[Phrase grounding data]
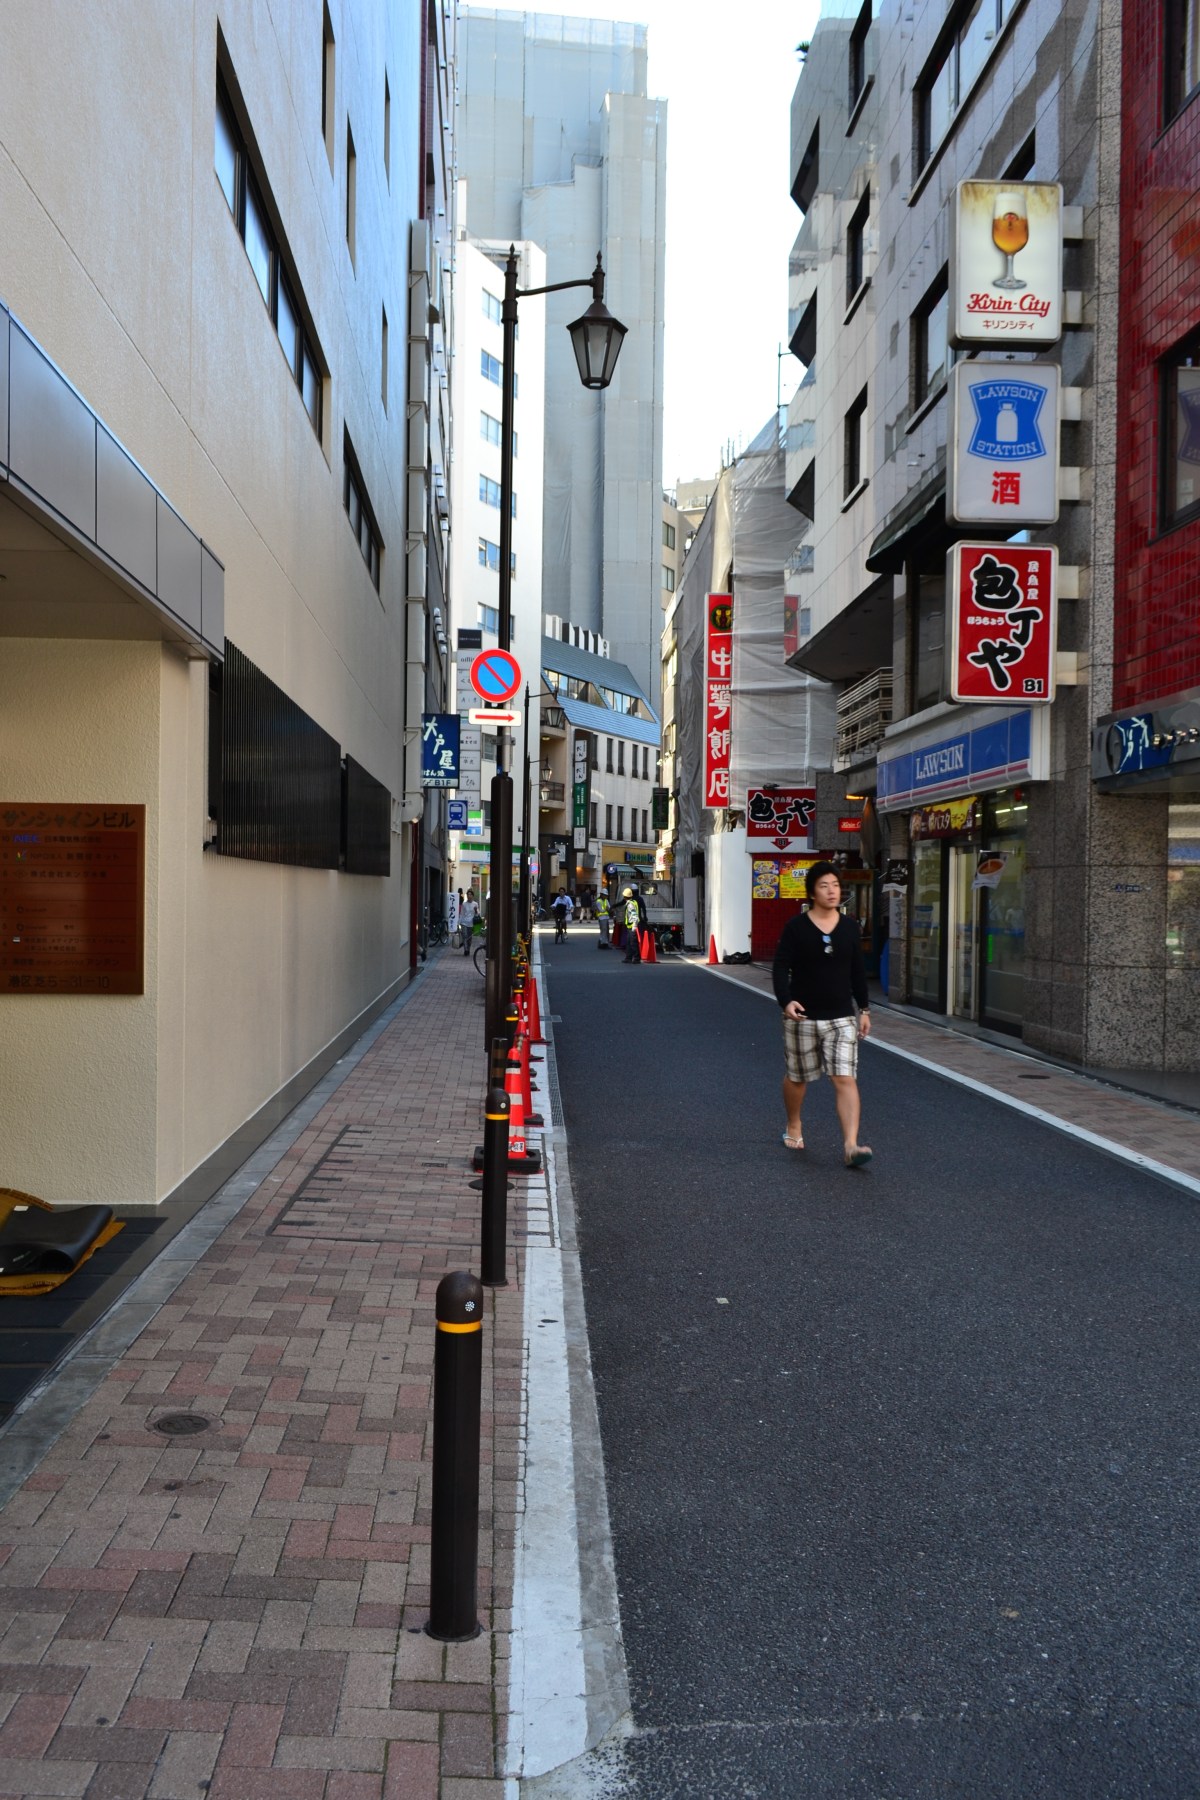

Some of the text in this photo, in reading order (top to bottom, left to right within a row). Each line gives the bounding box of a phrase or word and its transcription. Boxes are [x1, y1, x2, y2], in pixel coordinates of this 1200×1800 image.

[983, 320, 1034, 330] キリンシティ
[977, 385, 1040, 402] LAWSON
[976, 440, 1038, 456] STATION
[992, 471, 1021, 505] 酒
[1023, 679, 1044, 693] B1
[423, 716, 456, 770] 大戸屋
[916, 743, 964, 780] LAWSON
[423, 769, 445, 777] はん処
[749, 792, 816, 834] 包丁や
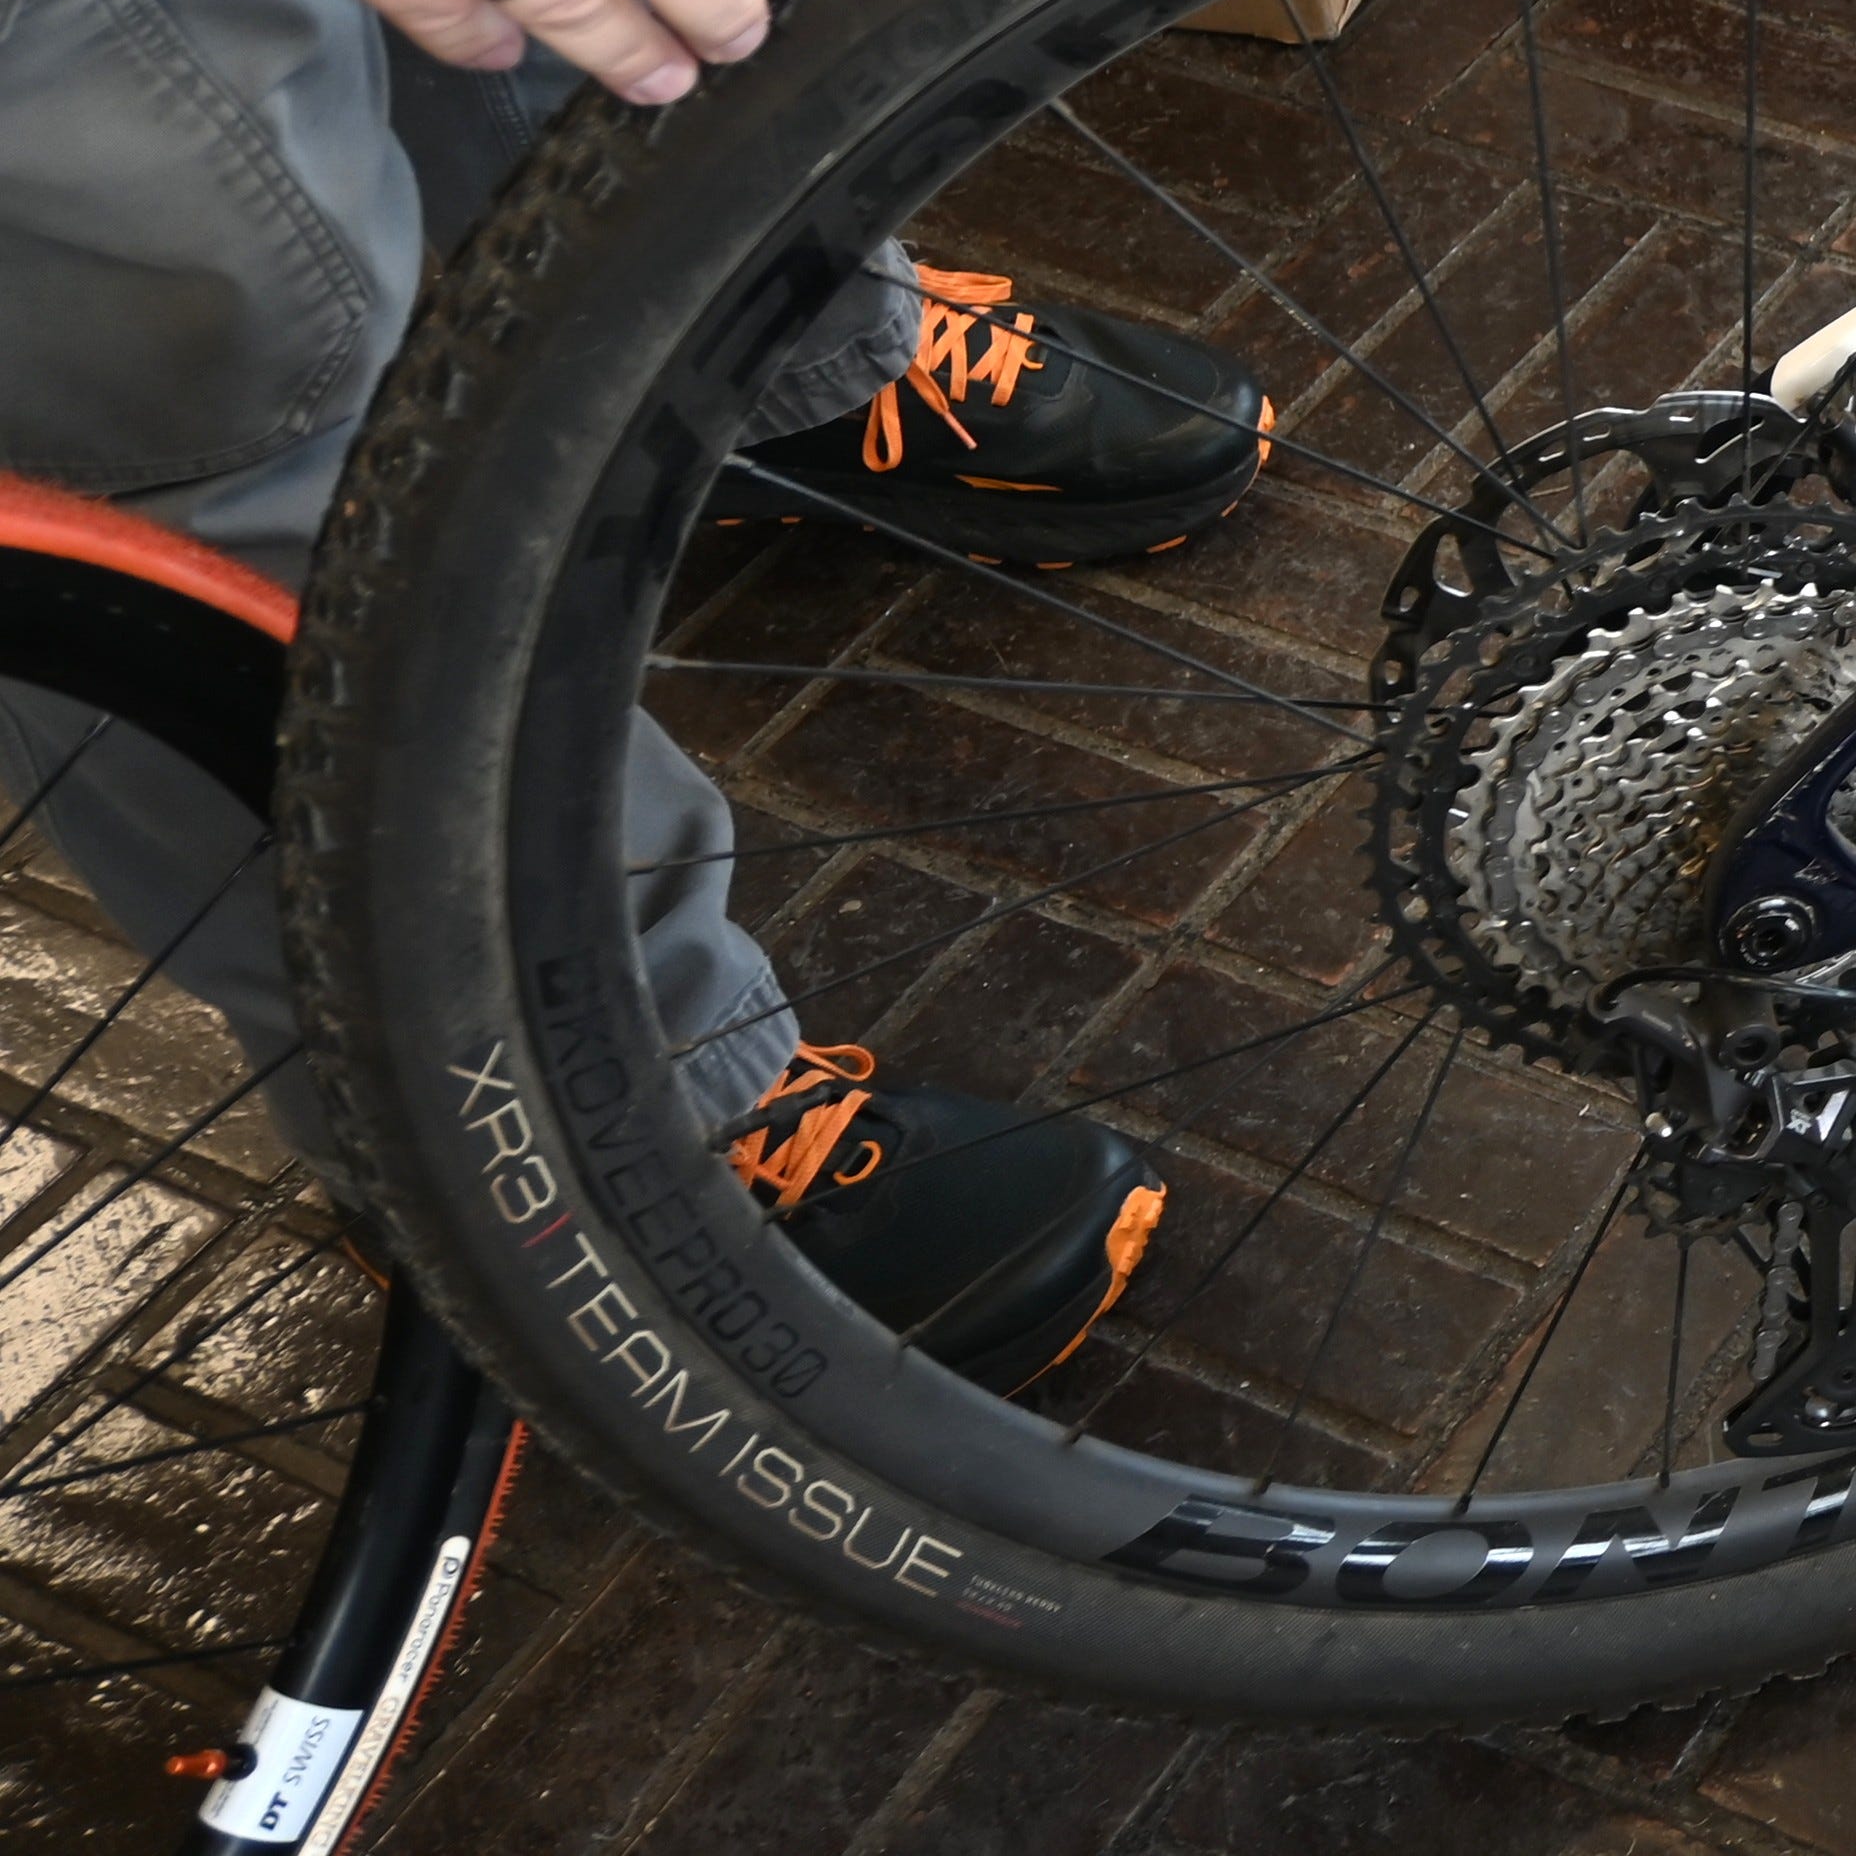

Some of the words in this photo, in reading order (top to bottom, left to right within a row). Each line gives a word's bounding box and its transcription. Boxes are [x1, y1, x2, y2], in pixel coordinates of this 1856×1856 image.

[446, 1040, 557, 1225] XR3
[547, 1230, 731, 1453] TEAM
[718, 1431, 963, 1598] ISSUE
[400, 1581, 452, 1682] Panaracer
[258, 1791, 289, 1831] DT
[284, 1716, 331, 1789] SWISS
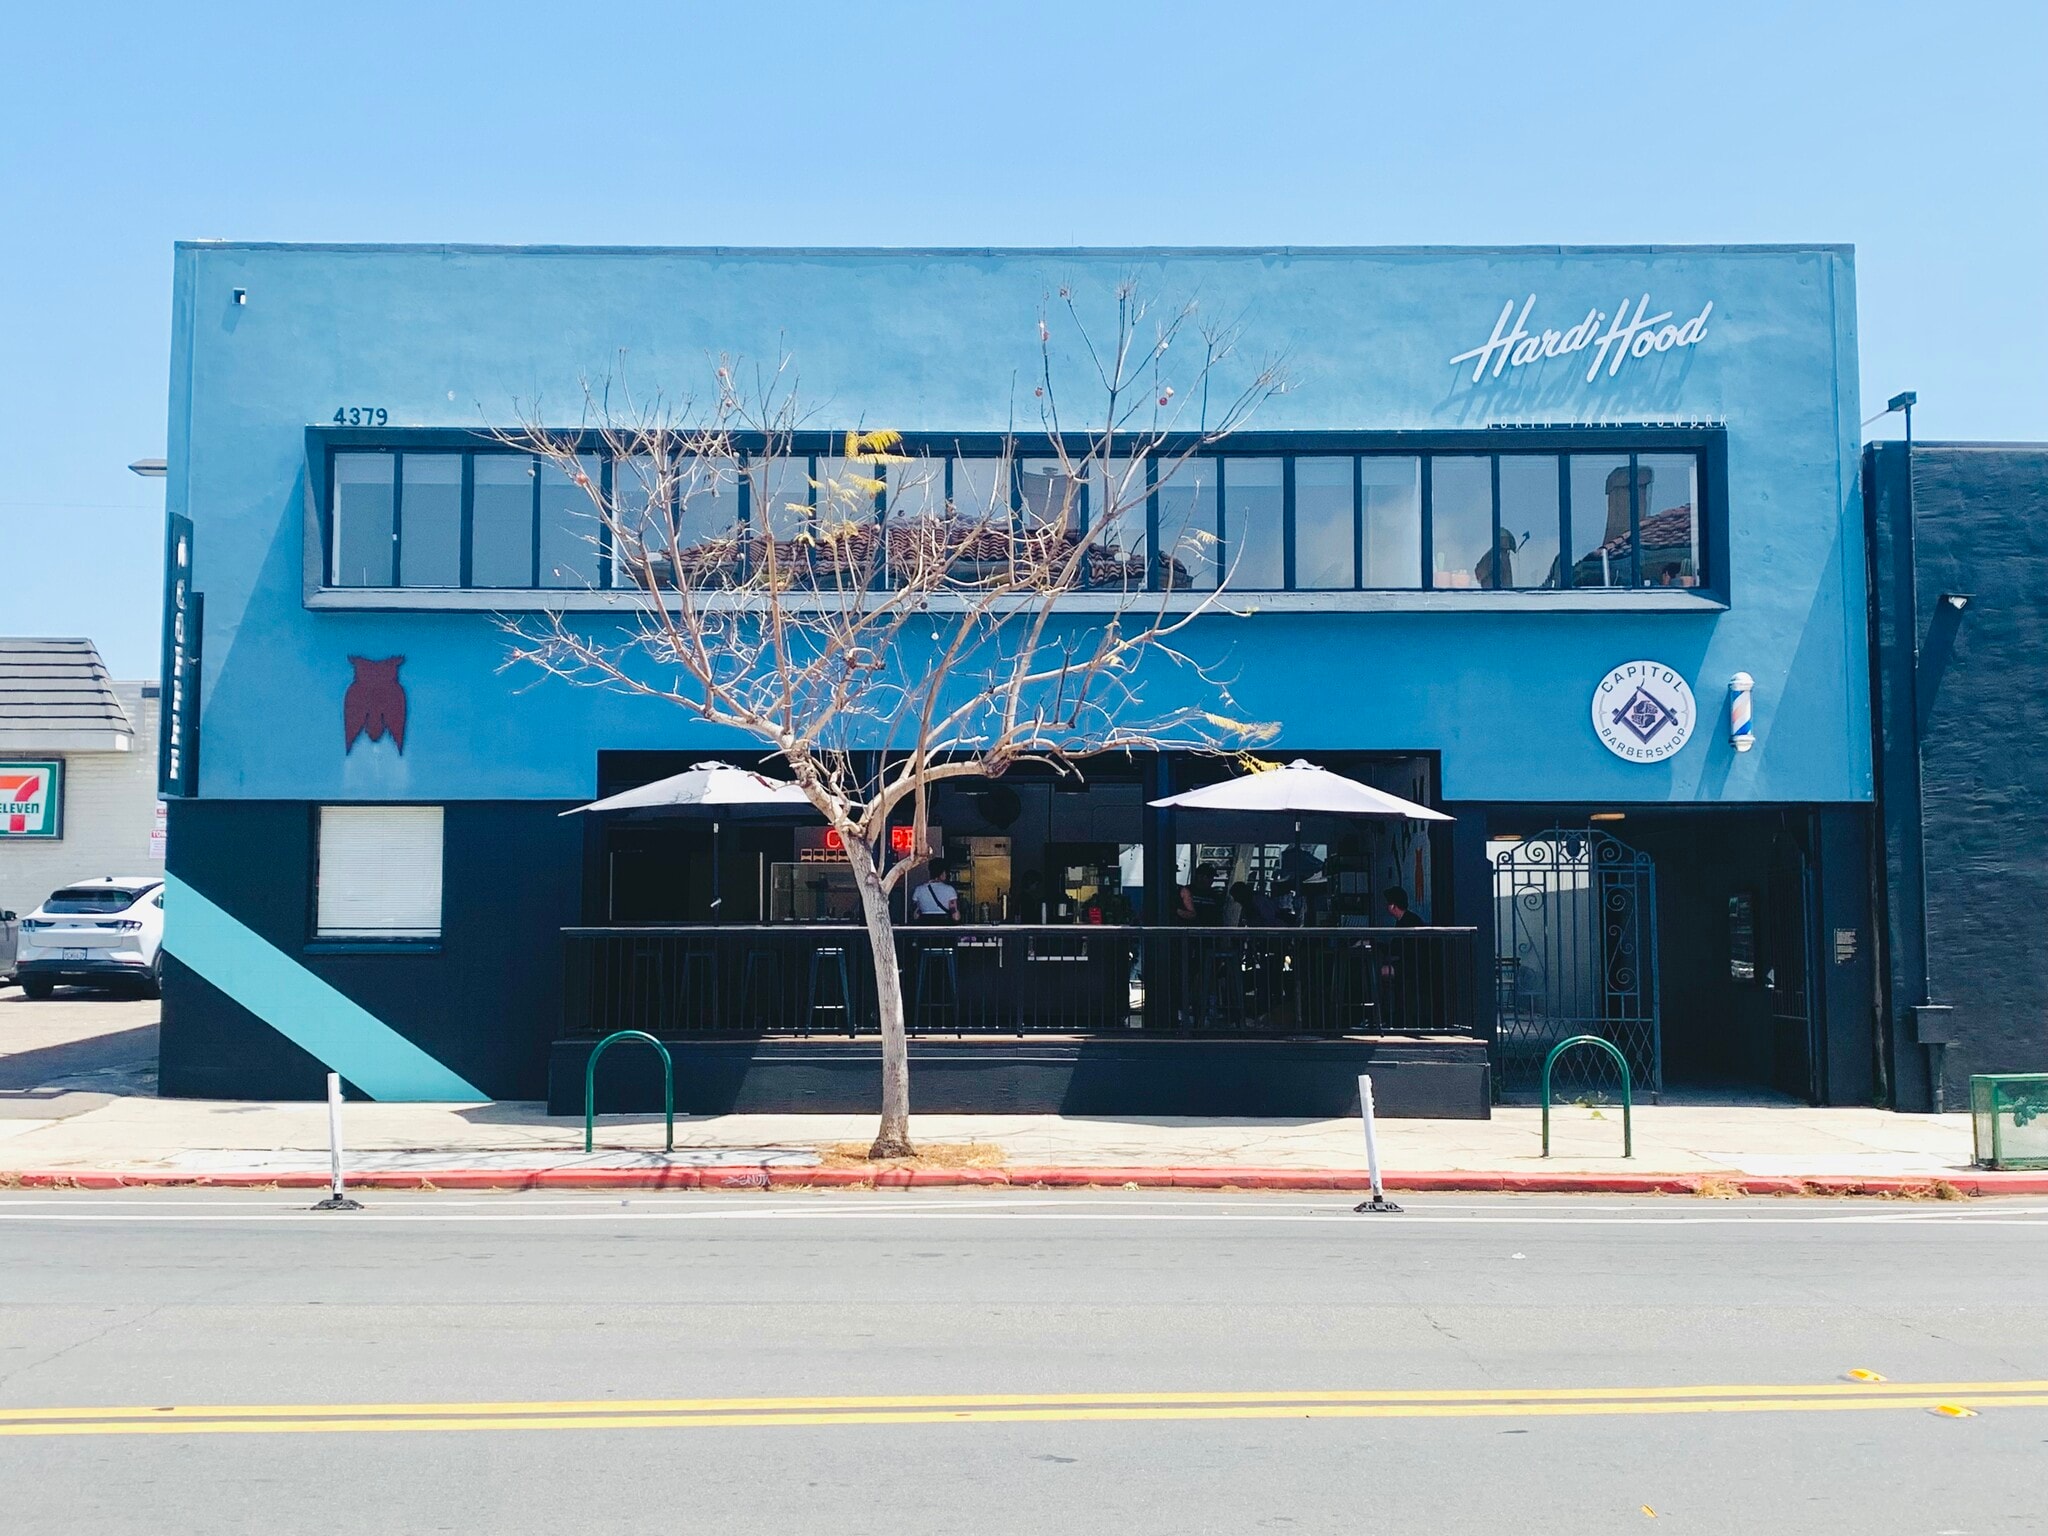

= Instructions for the task =
Verbatim, write out the line containing "Some of the words" and all later lines through the end of the records, leaving every picture out.

= Solved exercise =
Some of the words in this photo, in reading order (top to bottom, left to right within a row). Each line gives a word's bounding box and its transcription. Boxes are [x1, y1, x2, y2], in pixel coordinates of this 1856×1856 image.

[446, 1040, 557, 1225] XR3
[547, 1230, 731, 1453] TEAM
[718, 1431, 963, 1598] ISSUE
[400, 1581, 452, 1682] Panaracer
[258, 1791, 289, 1831] DT
[284, 1716, 331, 1789] SWISS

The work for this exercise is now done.